Problem => Pictures must not appear in your answer. Write out exactly the lines from the one with "Some of the words" through the last line of the entries below.

Data listing =>
========================================

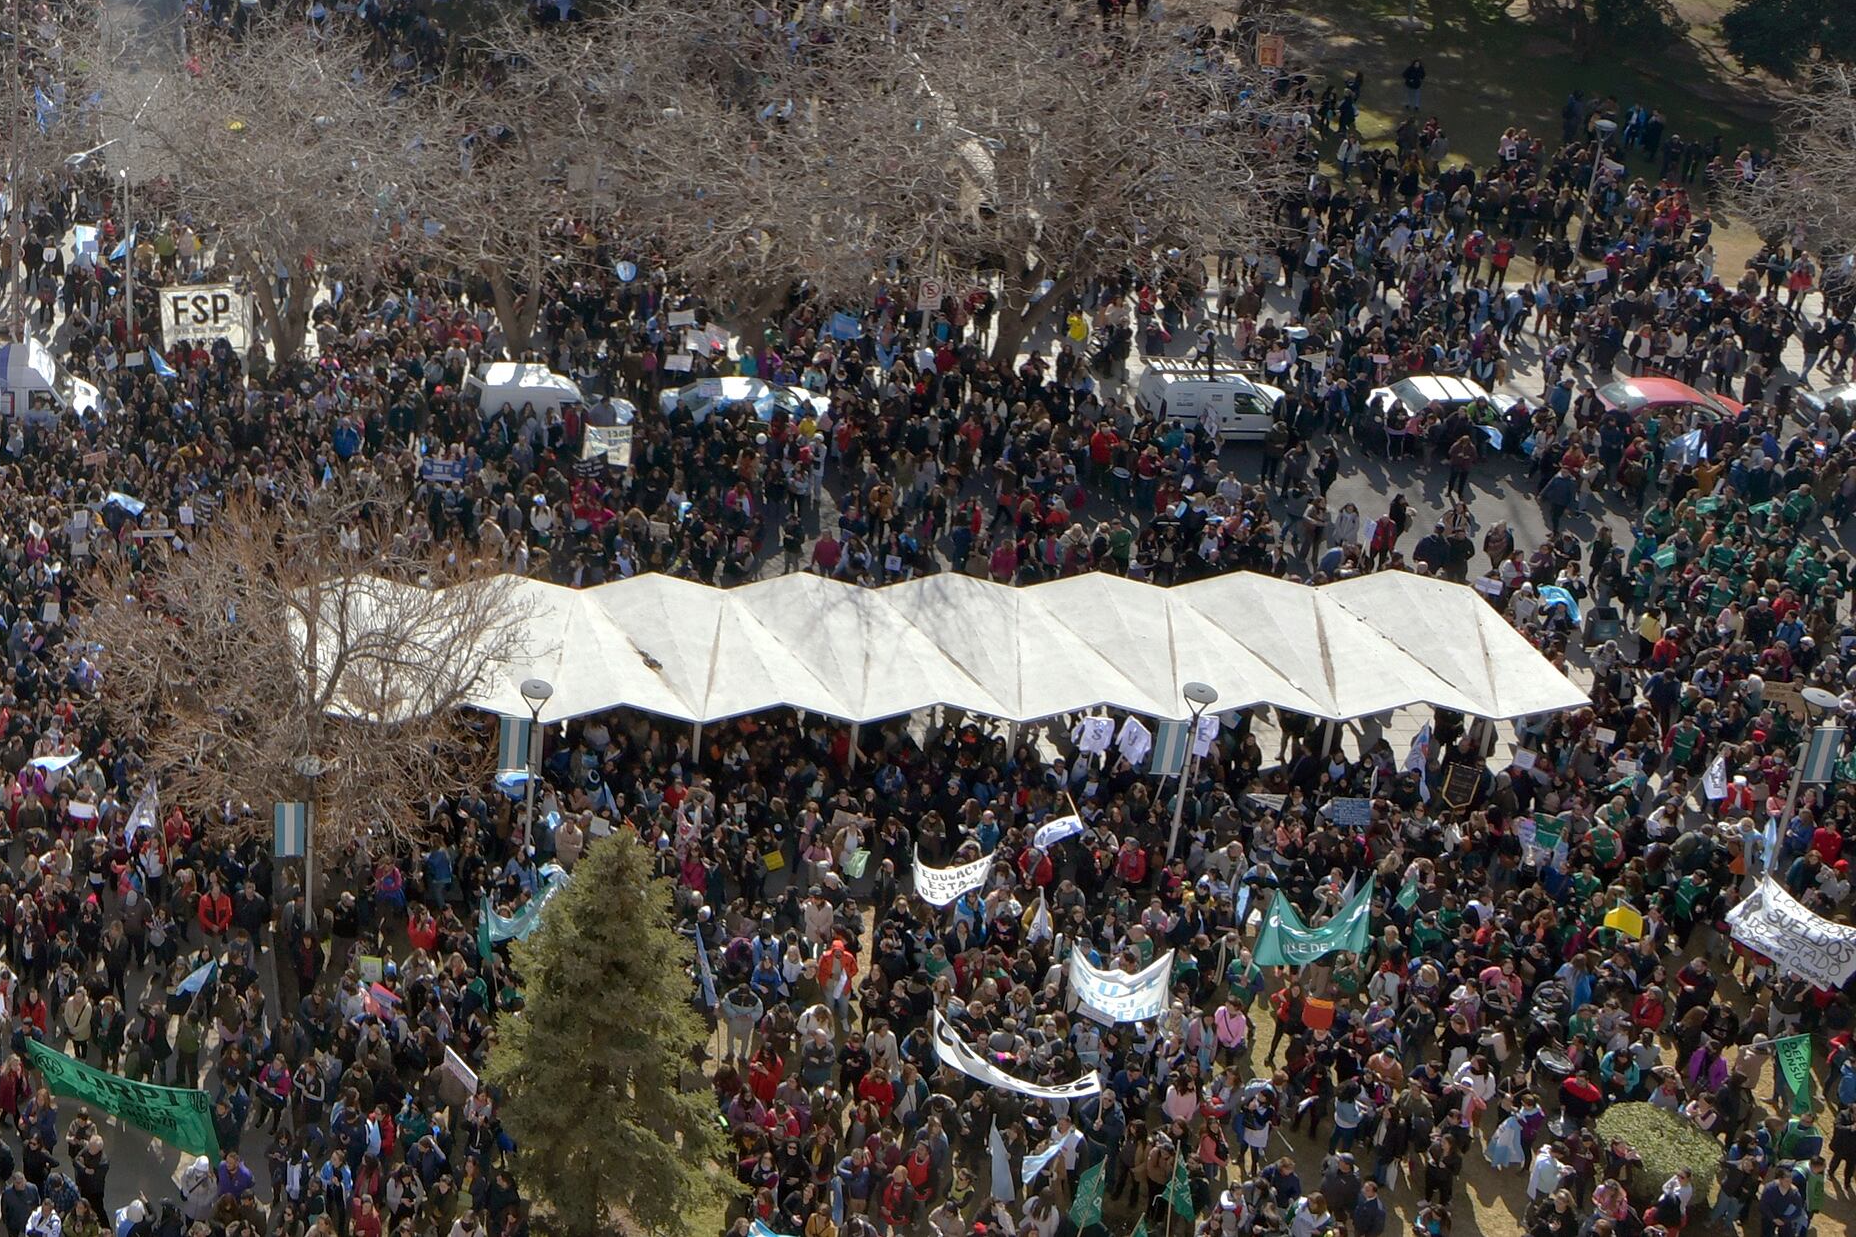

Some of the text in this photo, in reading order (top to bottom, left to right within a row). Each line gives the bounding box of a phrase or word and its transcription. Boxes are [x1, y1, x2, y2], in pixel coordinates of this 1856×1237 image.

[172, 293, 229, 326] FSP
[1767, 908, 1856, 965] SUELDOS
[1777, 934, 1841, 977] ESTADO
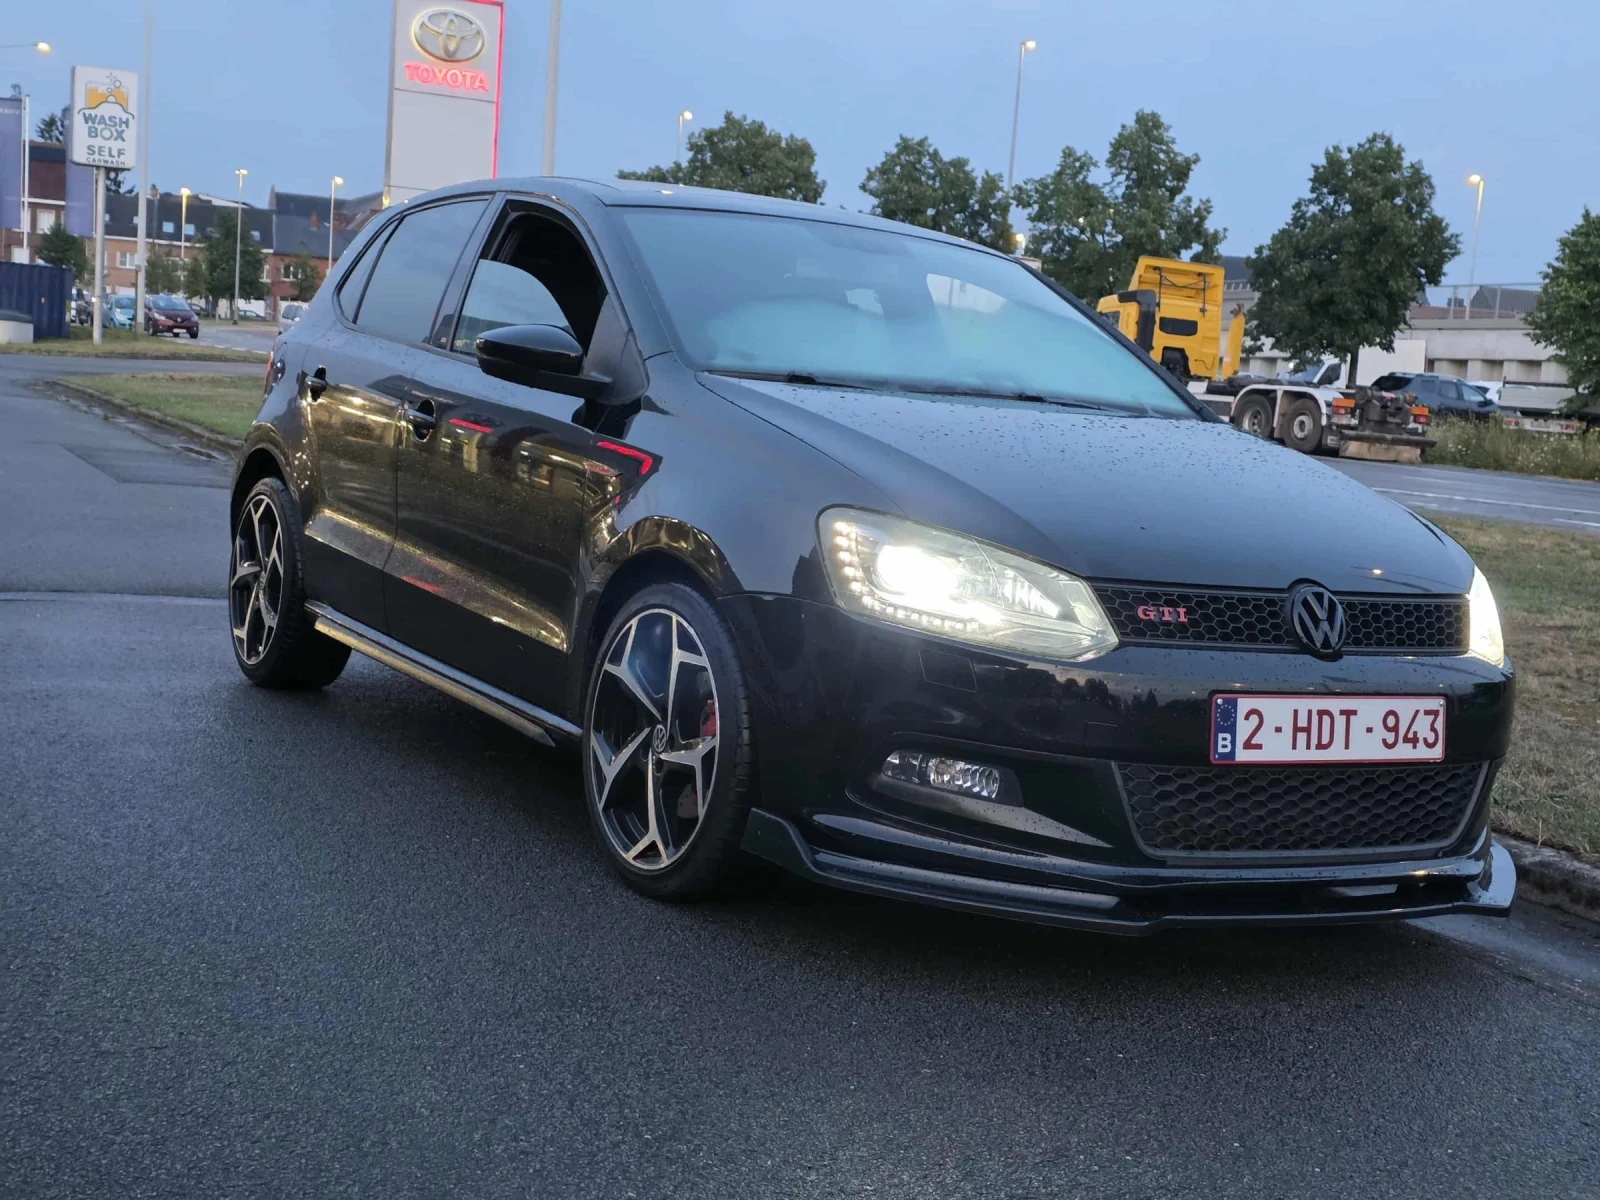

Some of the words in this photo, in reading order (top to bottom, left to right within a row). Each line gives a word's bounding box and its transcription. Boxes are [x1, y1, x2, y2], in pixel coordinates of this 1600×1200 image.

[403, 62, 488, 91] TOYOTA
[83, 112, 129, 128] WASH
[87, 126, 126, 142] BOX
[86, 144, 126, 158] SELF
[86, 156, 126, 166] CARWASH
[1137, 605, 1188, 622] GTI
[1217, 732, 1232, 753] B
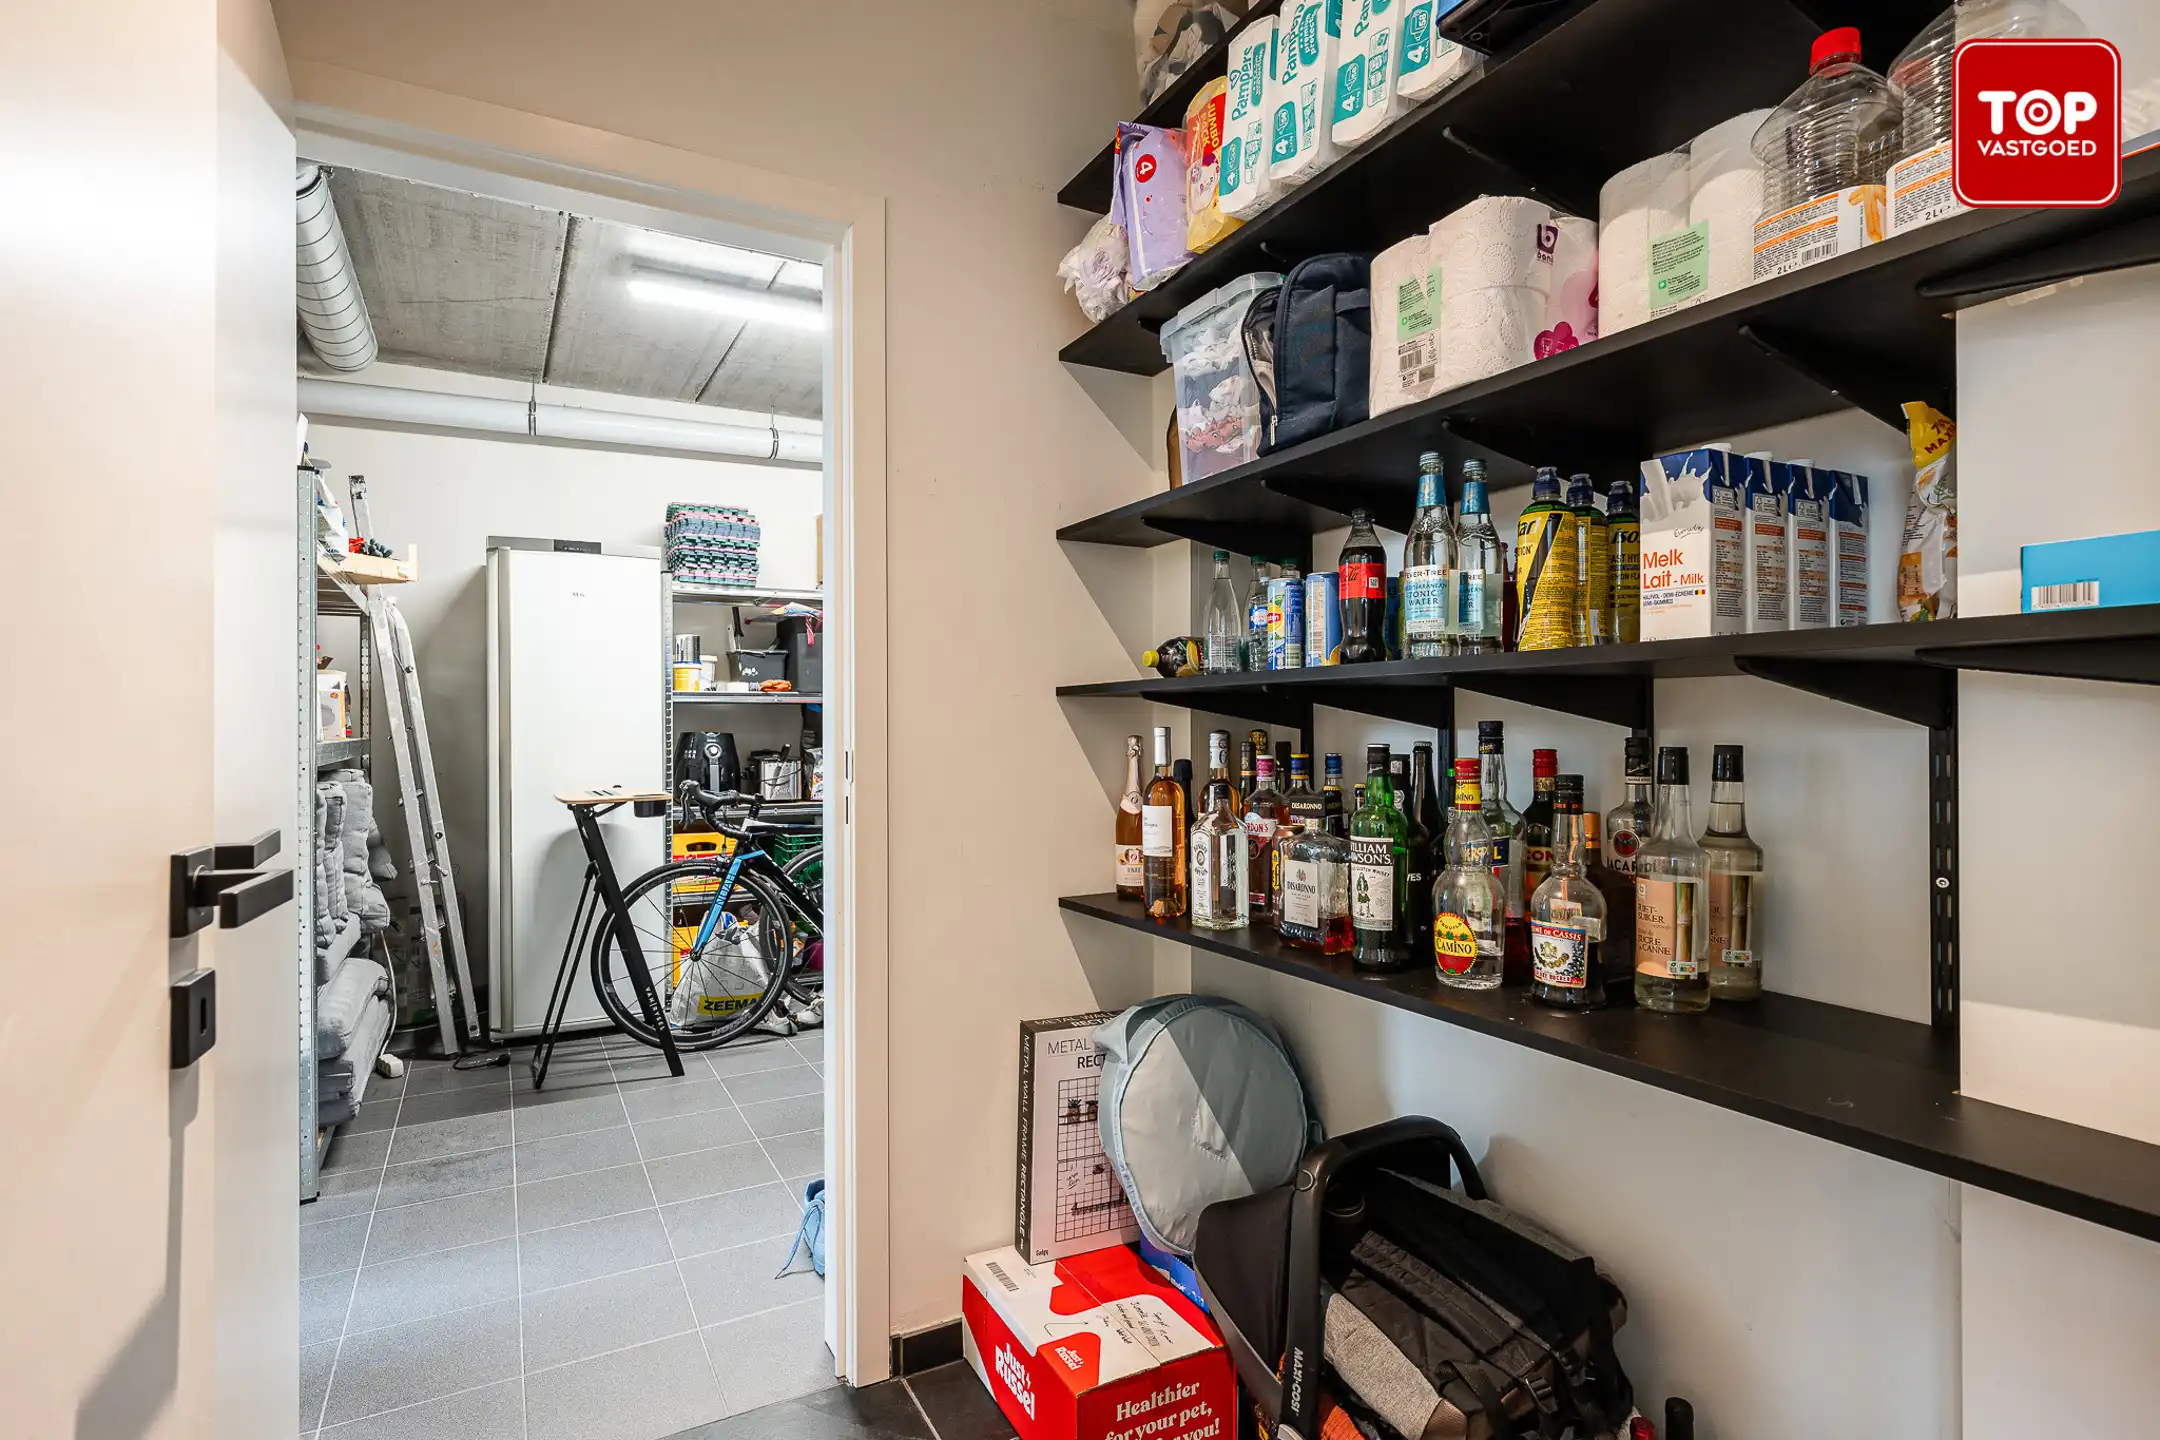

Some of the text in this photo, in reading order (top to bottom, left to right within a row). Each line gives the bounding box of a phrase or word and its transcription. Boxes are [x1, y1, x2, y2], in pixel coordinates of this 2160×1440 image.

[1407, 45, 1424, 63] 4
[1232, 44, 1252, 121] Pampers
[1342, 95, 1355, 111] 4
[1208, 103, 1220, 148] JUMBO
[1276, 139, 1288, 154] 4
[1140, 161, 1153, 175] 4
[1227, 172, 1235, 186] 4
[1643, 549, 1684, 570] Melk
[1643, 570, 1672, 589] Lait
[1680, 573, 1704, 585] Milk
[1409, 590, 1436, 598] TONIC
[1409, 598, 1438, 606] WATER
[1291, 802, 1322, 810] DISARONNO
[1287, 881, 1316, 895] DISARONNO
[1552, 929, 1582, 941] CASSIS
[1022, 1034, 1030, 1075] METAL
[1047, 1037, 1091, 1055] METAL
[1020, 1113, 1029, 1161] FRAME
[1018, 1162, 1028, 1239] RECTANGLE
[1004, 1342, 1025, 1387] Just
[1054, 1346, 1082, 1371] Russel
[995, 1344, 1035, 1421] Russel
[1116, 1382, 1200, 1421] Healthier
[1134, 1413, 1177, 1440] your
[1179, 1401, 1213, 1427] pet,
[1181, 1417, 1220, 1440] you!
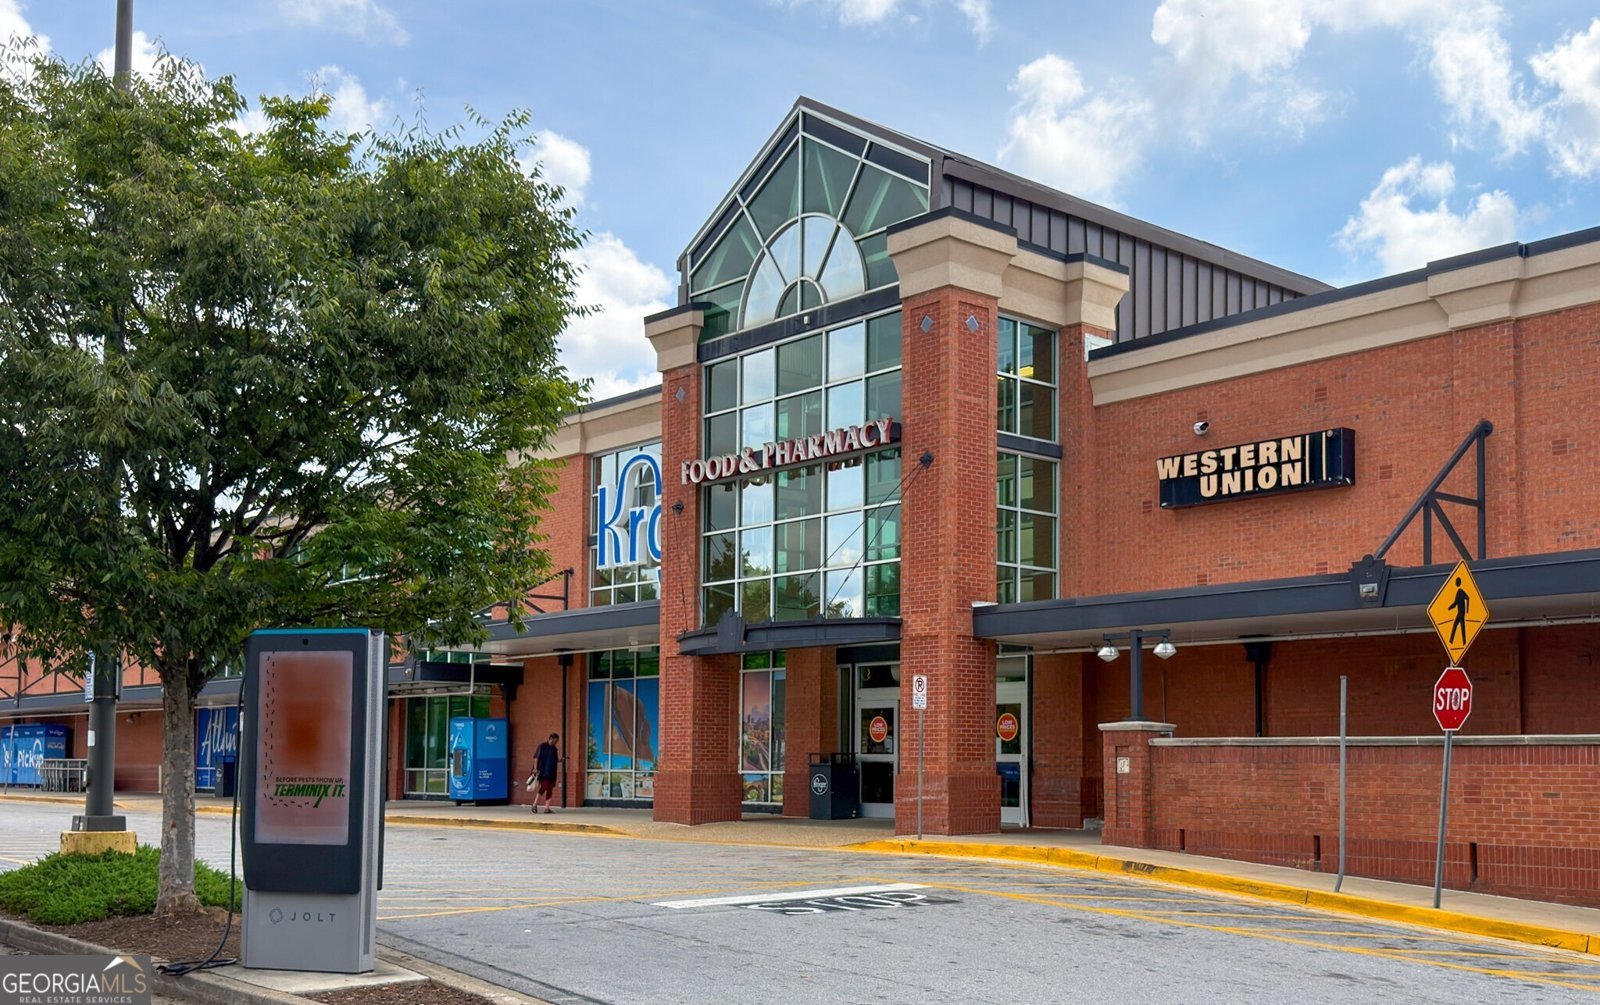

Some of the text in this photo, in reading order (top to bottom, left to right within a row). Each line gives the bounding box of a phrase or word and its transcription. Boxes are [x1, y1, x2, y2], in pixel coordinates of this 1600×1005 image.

========================================

Response area =>
Some of the words in this photo, in reading order (top to bottom, left to right within a row). Each line gives a word's bounding box and its transcription. Boxes are [x1, y1, x2, y2], in pixel coordinates of this 1600×1200 image.

[403, 62, 488, 91] TOYOTA
[83, 112, 129, 128] WASH
[87, 126, 126, 142] BOX
[86, 144, 126, 158] SELF
[86, 156, 126, 166] CARWASH
[1137, 605, 1188, 622] GTI
[1217, 732, 1232, 753] B

Some of the text in this photo, in reading order (top to bottom, left to right within a row). Each line gives the bounding box of a phrase or word and its transcription. Boxes are [x1, y1, x2, y2], in pixel coordinates of this 2160×1440 image.

[1407, 45, 1424, 63] 4
[1232, 44, 1252, 121] Pampers
[1342, 95, 1355, 111] 4
[1208, 103, 1220, 148] JUMBO
[1276, 139, 1288, 154] 4
[1140, 161, 1153, 175] 4
[1227, 172, 1235, 186] 4
[1643, 549, 1684, 570] Melk
[1643, 570, 1672, 589] Lait
[1680, 573, 1704, 585] Milk
[1409, 590, 1436, 598] TONIC
[1409, 598, 1438, 606] WATER
[1291, 802, 1322, 810] DISARONNO
[1287, 881, 1316, 895] DISARONNO
[1552, 929, 1582, 941] CASSIS
[1022, 1034, 1030, 1075] METAL
[1047, 1037, 1091, 1055] METAL
[1020, 1113, 1029, 1161] FRAME
[1018, 1162, 1028, 1239] RECTANGLE
[1004, 1342, 1025, 1387] Just
[1054, 1346, 1082, 1371] Russel
[995, 1344, 1035, 1421] Russel
[1116, 1382, 1200, 1421] Healthier
[1134, 1413, 1177, 1440] your
[1179, 1401, 1213, 1427] pet,
[1181, 1417, 1220, 1440] you!

Some of the text in this photo, in reading order (top to bottom, left to right within a row). Each line gives the bounding box of a phrase or word and its transcription. Boxes are [x1, y1, x2, y2], in pixel coordinates of this 1600×1005 image.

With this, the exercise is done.